I Peter 3:15, “Be ready always to give an answer to every man that asketh you a reason of the hope that is in you with meekness and fear.” We need to learn to invest in the worthwhile things of life, the riches of His Grace, of His love, and His knowledge. These are the “true riches” that can never be taken away from us. The mammon of man will fail. You cannot “take it with you,” but you can “take with you” the things it accomplishes to your eternal credit. The importance is to know how to invest it. Not to blow it, but to bless it to have it work for you, not disappear in debt and want. You either use it or lose it. When we invest, we multiply. When we hoard, we subtract.

Some kinds of help only help people downward. You can give money so that it increases that person’s laziness. That’s misguided giving! You can lend support and in so doing, relieve the obligation that should rest upon that person’s immediate family. That’s a mistaken charity. The right attitudes we want to share! We have something so good that it would be evil to keep it all to ourselves. It would be evil, if we had a “cure for cancer” and failed to reveal it to others. We have stewards of even greater revelations. So we are debtors. We owe every lost soul. We care about them – our burden toward them is an obligation as definite as a mortgage.
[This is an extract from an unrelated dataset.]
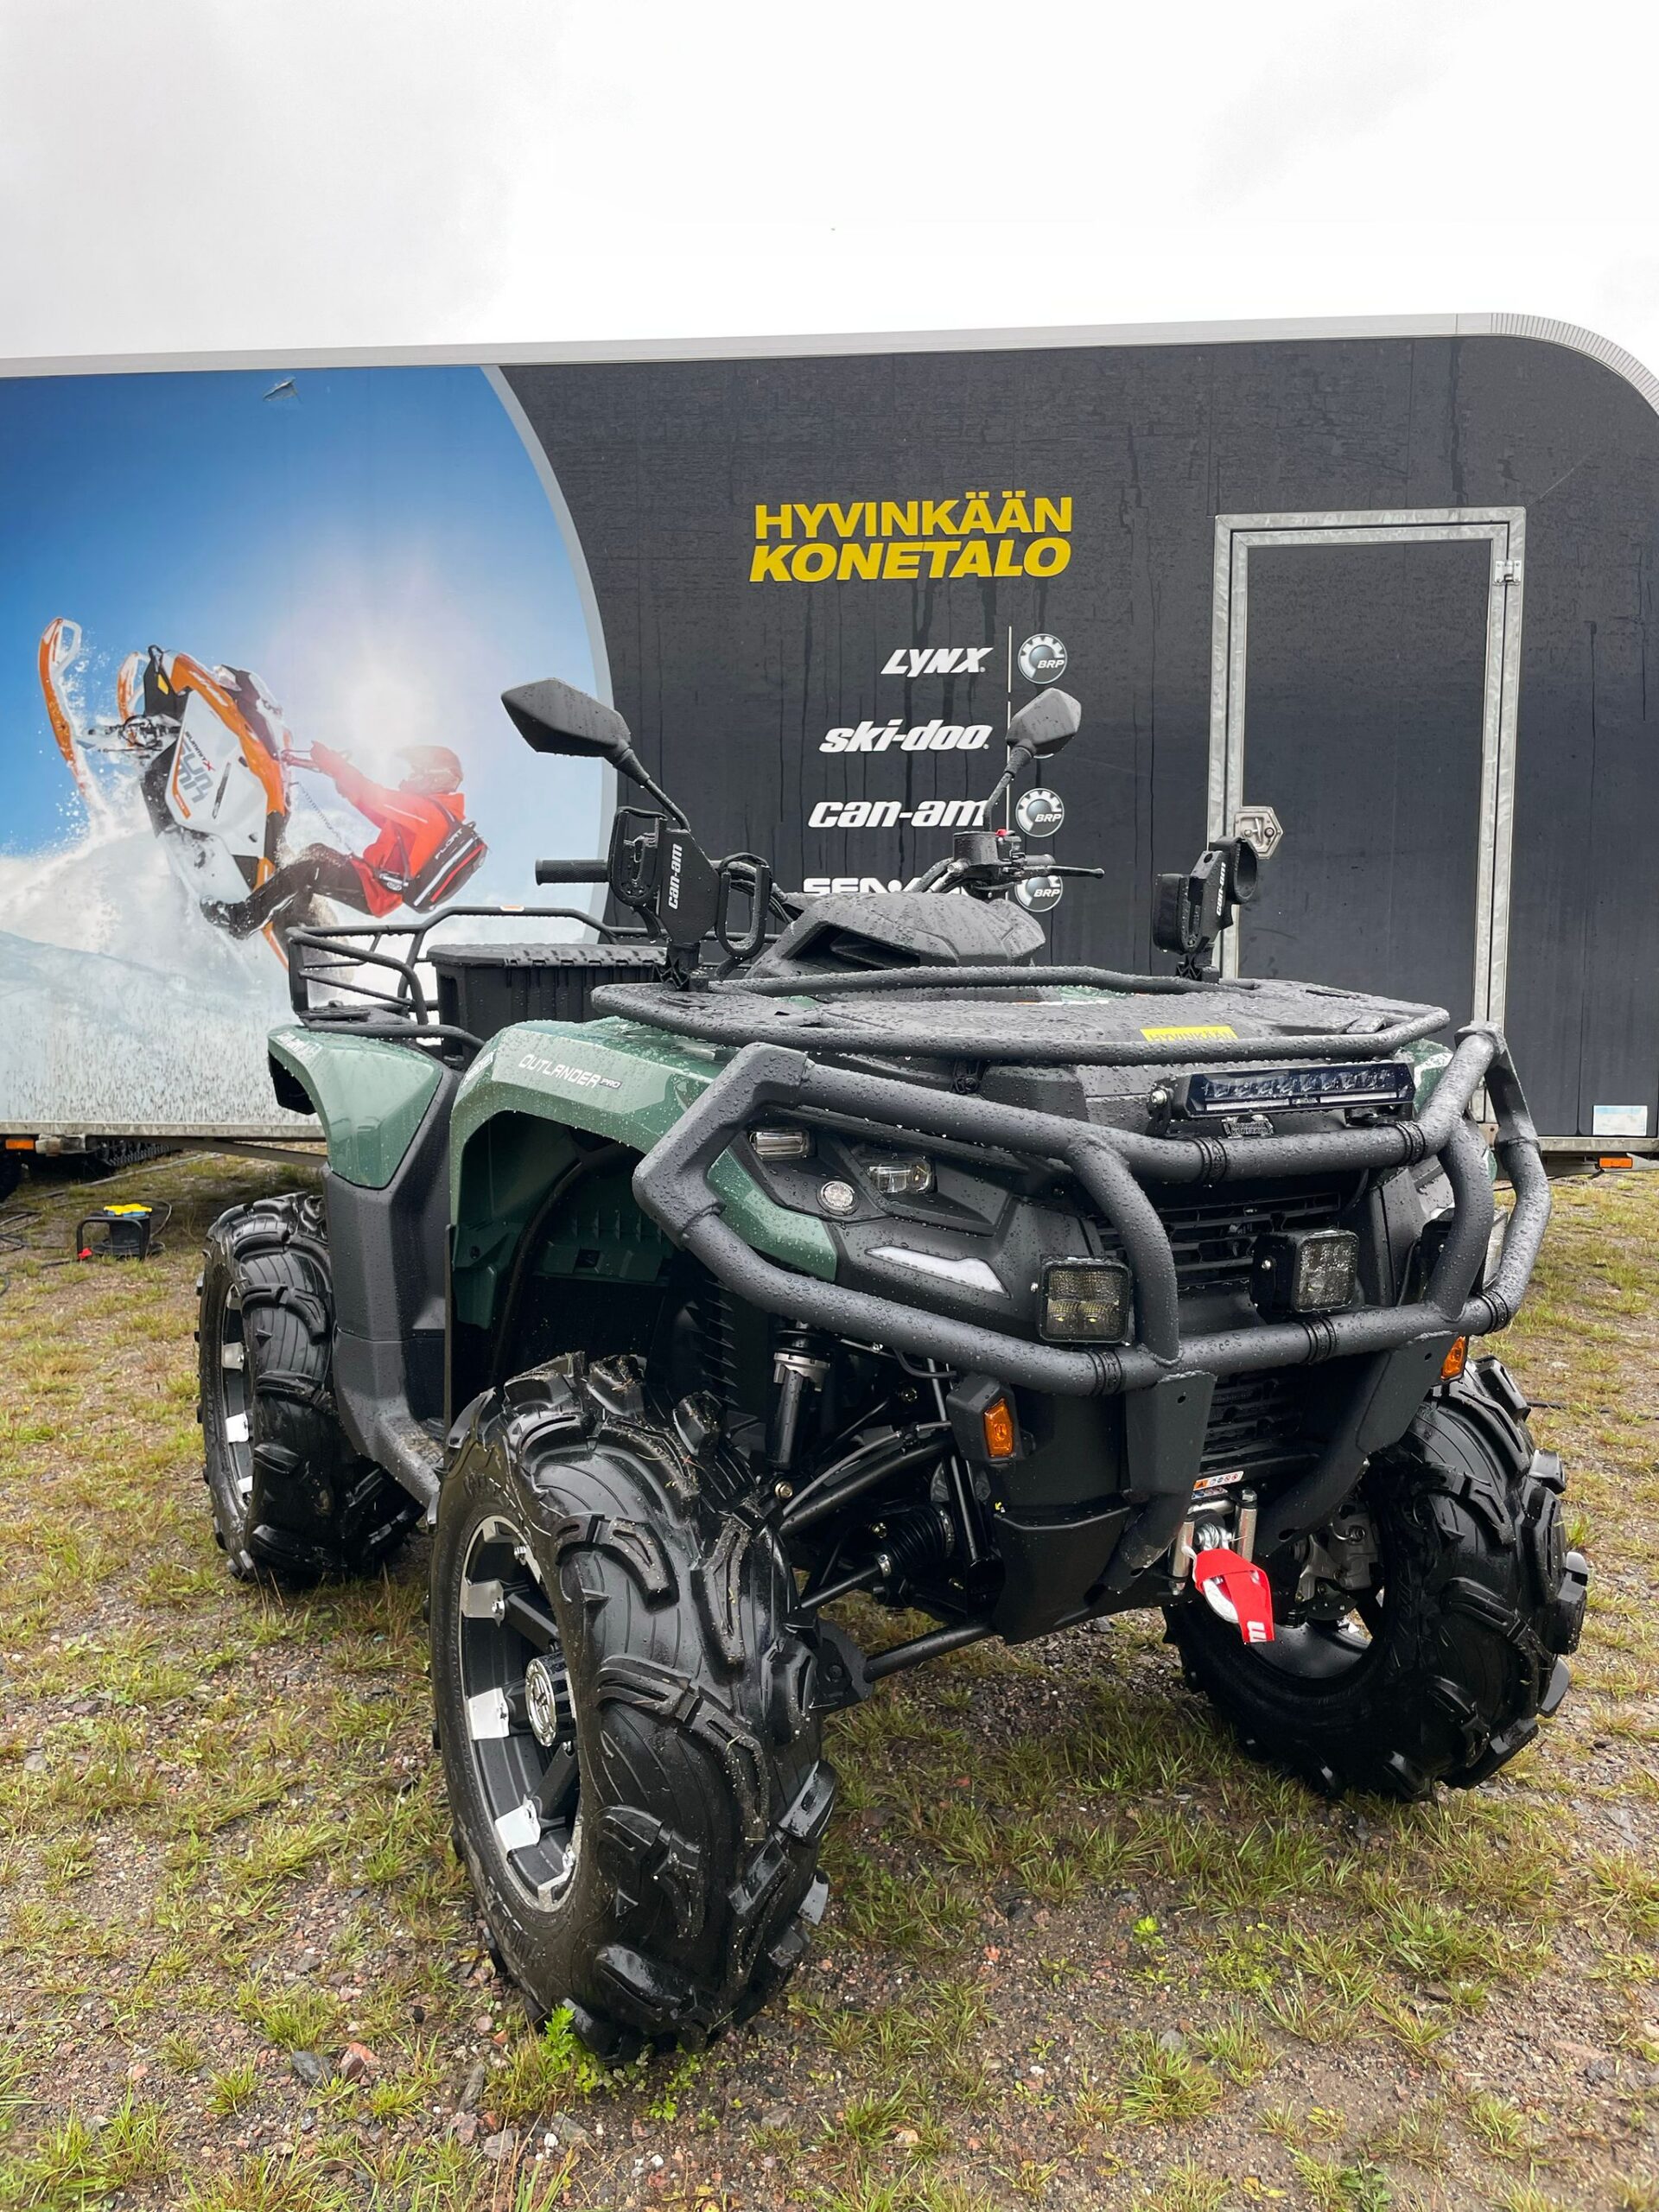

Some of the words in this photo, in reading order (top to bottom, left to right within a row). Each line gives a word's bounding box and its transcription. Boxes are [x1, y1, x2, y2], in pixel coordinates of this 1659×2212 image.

We’ll never get out of debt in this life – a deep concern in the salvation of souls.

Jesus saith, “Make to yourselves friends of the mammon of unrighteousness.” Not by building bigger barns, nor by adding acre to acre, not making estates, rather by “making friends, that they may receive you.” It’s acceptance only, Heaven can’t be bought with money. We know how quickly a gift sours if we learn there is an ulterior motive, seeking to buy or influence us. The mammon of unrighteousness is neither sordid nor sacred, neither the goal or god. It’s a medium of exchange. The blessing is involved in the right attitude and use of it. It makes a good servant but a cruel master. It can be shared by showing an interest in others; bearing the burdens of others, especially when misfortune overtakes them; share their sickness and sorrows as well as their joy and gladness, and also in transportation and service. It would be vain if only words and not works.
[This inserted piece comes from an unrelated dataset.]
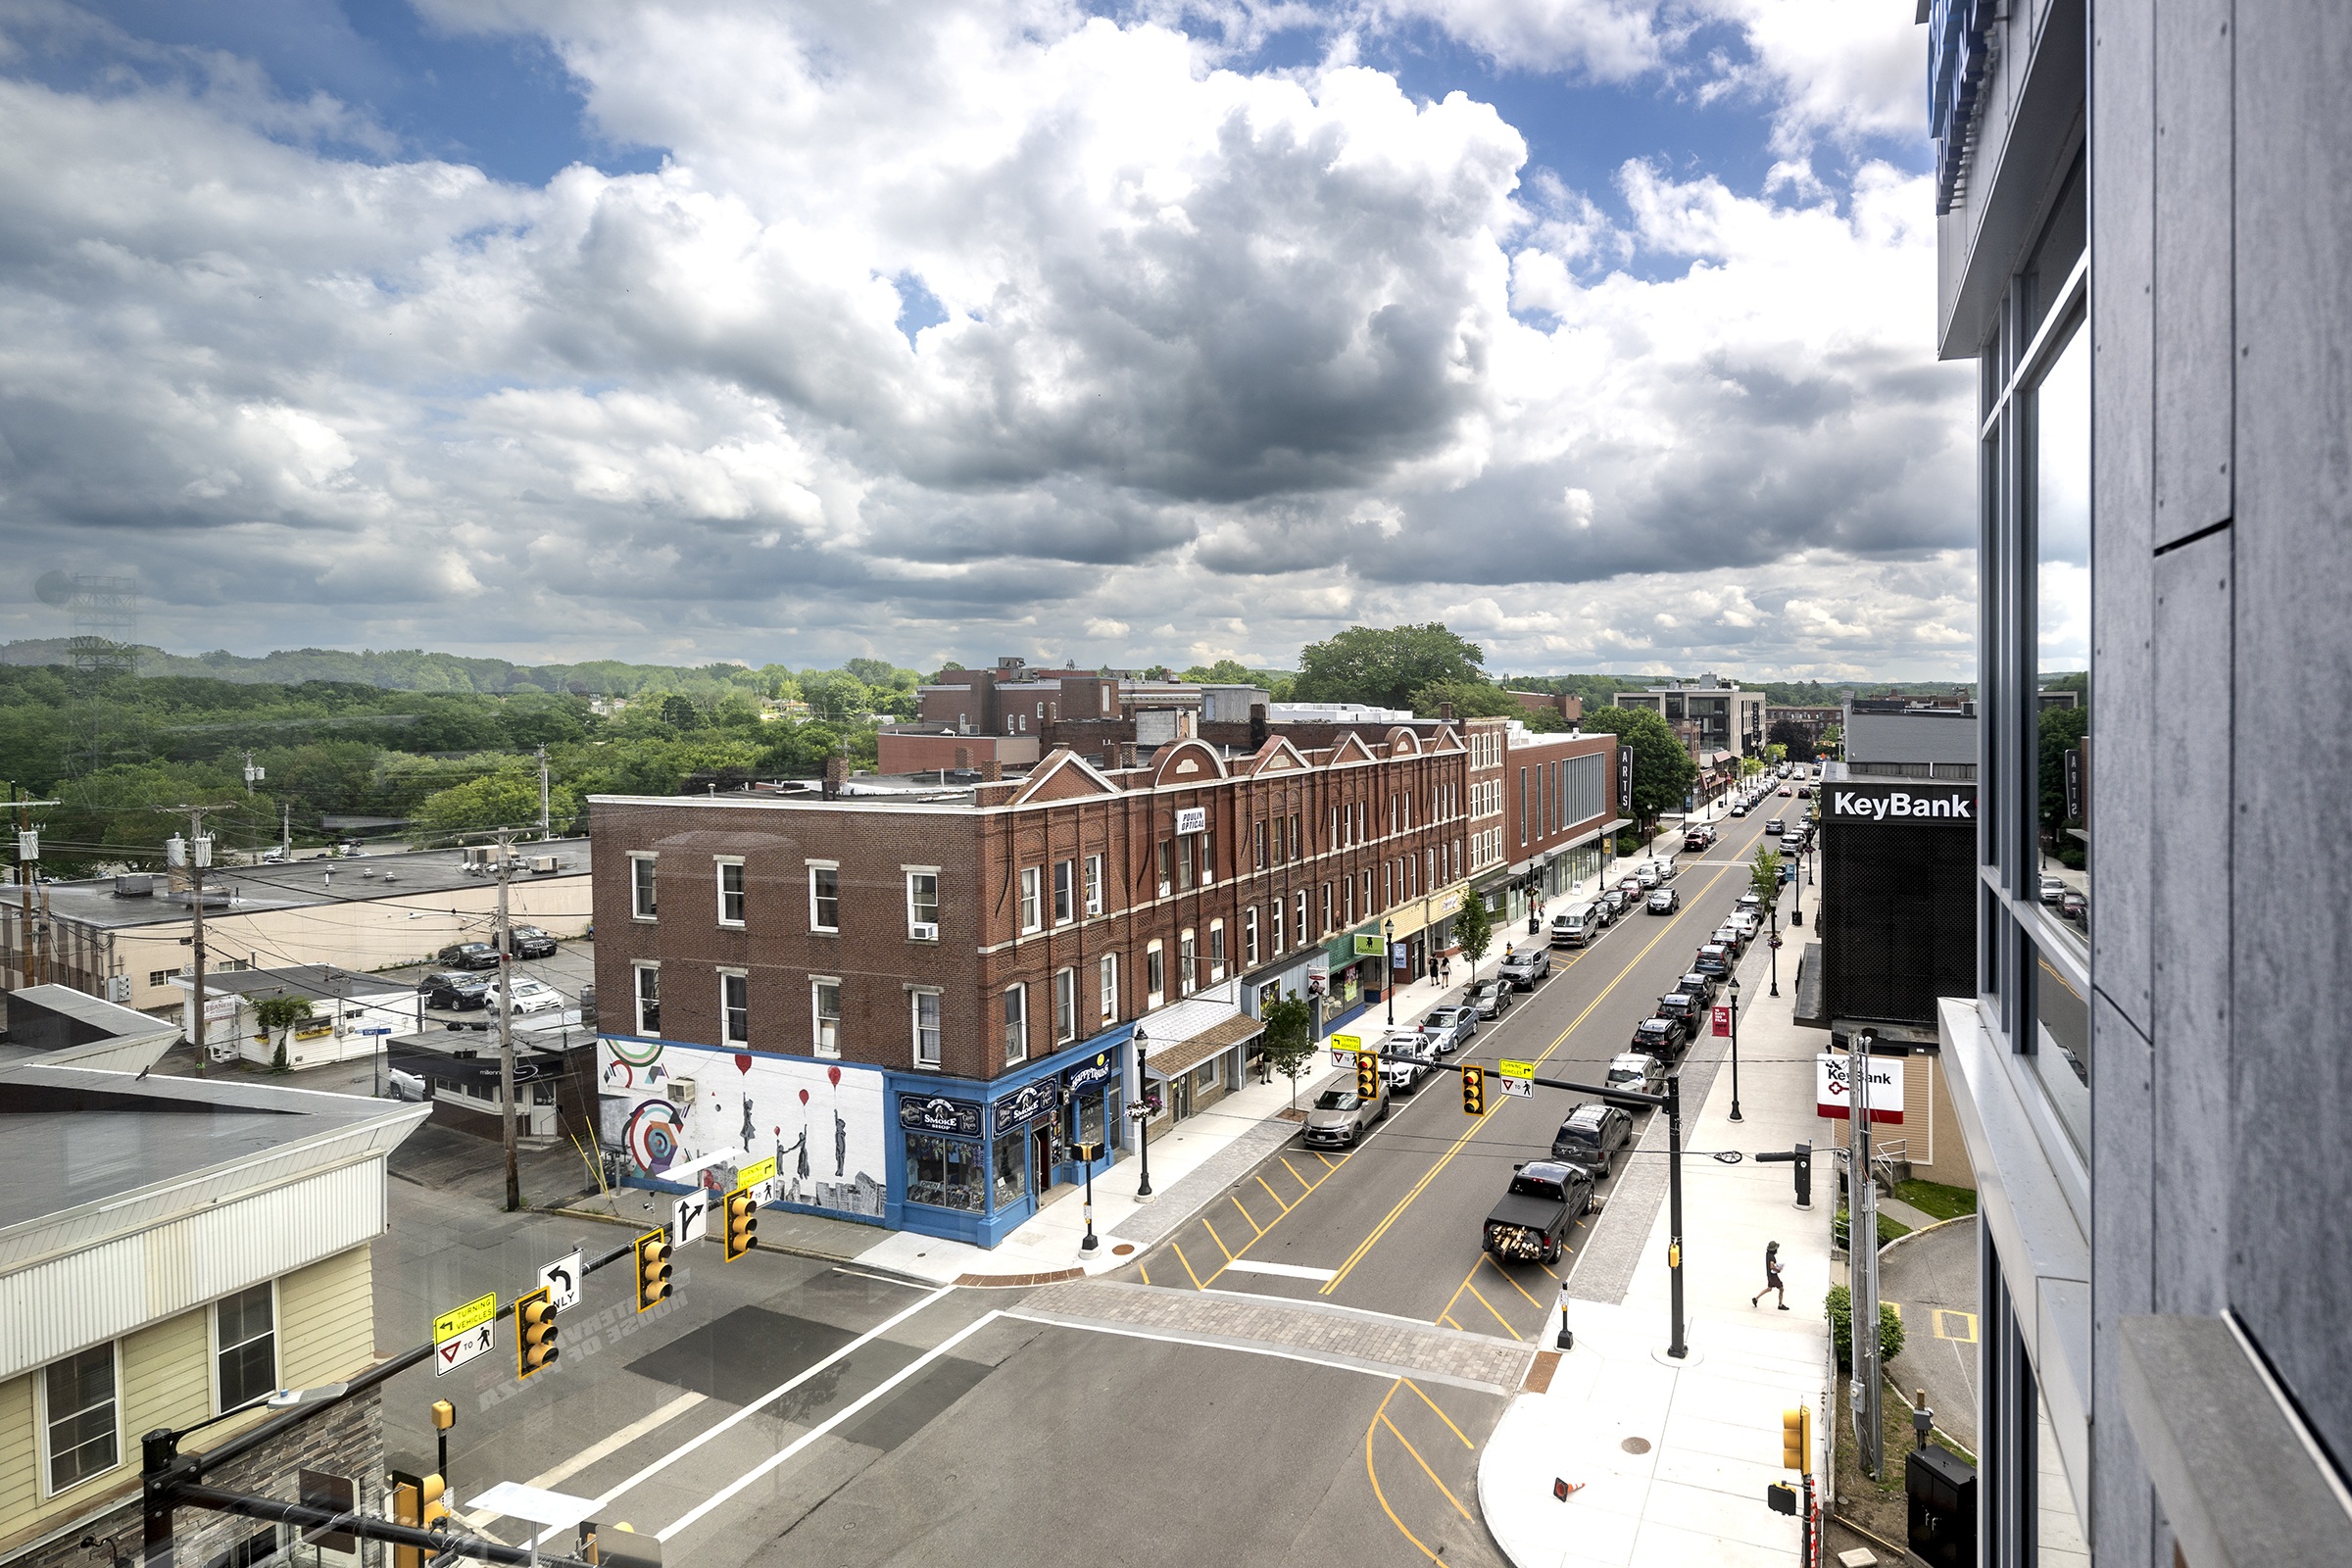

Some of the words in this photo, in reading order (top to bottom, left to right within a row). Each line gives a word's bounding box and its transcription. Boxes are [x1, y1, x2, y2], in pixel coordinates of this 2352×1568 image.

James 2:16, “Depart in peace, be ye warmed and filled; notwithstanding ye give them not those things which are needful to the body, what doth it profit?” Mammon can be shared when it’s a question of hospitality, so often mentioned in the Scriptures. Homes and furniture can become too good and exclusive to be shared – afraid it’ll be soiled.

How many are moved with Jesus’ instructions as they invite? “When thou makest a dinner or supper, call not (only) thy friends, thy brethren neither thy kinsmen or rich neighbours…but call the poor, the maimed, the lame and the blind and thou shalt be blessed for they cannot recompense thee; for thou shalt be recompensed at the resurrection of the just.” Ask someone to “eat with you” and likely know more success when you “ask them to go to meeting with you.” We must make friends before we make disciples. This is not done by withdrawal into a personal paradise rather willing to spend and be spent, to show mercy so as to obtain mercy.